§ **TASK STATEMENT**
Using the line that contains "Some of the text" as the start, restate each line word for word through the final line of the material below, and return only those.

§ **INPUT**
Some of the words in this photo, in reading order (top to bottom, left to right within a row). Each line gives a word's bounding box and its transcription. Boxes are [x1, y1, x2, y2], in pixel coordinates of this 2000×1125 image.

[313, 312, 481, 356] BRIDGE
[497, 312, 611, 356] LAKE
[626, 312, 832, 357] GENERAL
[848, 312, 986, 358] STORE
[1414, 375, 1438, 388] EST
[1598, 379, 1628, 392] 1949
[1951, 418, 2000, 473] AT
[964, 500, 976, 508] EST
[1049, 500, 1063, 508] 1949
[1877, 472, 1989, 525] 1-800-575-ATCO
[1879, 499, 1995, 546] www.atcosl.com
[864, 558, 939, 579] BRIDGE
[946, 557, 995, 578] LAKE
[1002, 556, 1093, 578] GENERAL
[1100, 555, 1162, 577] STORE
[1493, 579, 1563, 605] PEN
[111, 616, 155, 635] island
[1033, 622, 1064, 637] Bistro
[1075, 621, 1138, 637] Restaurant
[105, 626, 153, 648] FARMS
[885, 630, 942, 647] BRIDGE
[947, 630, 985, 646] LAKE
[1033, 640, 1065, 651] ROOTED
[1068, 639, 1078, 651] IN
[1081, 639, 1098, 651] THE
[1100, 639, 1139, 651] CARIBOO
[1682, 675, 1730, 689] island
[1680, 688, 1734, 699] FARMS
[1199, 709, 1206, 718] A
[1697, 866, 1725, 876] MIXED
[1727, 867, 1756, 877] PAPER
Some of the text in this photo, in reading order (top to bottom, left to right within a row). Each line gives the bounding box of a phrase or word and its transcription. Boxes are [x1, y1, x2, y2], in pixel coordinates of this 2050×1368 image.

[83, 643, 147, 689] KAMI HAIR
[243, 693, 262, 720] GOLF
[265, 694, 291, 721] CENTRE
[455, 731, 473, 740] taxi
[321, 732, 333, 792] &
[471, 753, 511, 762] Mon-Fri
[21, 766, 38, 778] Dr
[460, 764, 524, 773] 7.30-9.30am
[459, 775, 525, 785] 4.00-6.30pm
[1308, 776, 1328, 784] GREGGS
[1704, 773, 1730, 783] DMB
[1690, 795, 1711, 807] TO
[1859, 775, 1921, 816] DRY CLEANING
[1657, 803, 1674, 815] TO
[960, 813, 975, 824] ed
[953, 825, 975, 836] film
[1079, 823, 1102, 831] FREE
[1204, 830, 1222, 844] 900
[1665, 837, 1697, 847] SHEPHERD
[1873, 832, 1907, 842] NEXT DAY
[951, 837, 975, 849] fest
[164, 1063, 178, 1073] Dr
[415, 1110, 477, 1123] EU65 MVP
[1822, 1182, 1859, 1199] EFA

§ **RESPONSE BOX**
Some of the text in this photo, in reading order (top to bottom, left to right within a row). Each line gives the bounding box of a phrase or word and its transcription. Boxes are [x1, y1, x2, y2], in pixel coordinates of this 2050×1368 image.

[83, 643, 147, 689] KAMI HAIR
[243, 693, 262, 720] GOLF
[265, 694, 291, 721] CENTRE
[455, 731, 473, 740] taxi
[321, 732, 333, 792] &
[471, 753, 511, 762] Mon-Fri
[21, 766, 38, 778] Dr
[460, 764, 524, 773] 7.30-9.30am
[459, 775, 525, 785] 4.00-6.30pm
[1308, 776, 1328, 784] GREGGS
[1704, 773, 1730, 783] DMB
[1690, 795, 1711, 807] TO
[1859, 775, 1921, 816] DRY CLEANING
[1657, 803, 1674, 815] TO
[960, 813, 975, 824] ed
[953, 825, 975, 836] film
[1079, 823, 1102, 831] FREE
[1204, 830, 1222, 844] 900
[1665, 837, 1697, 847] SHEPHERD
[1873, 832, 1907, 842] NEXT DAY
[951, 837, 975, 849] fest
[164, 1063, 178, 1073] Dr
[415, 1110, 477, 1123] EU65 MVP
[1822, 1182, 1859, 1199] EFA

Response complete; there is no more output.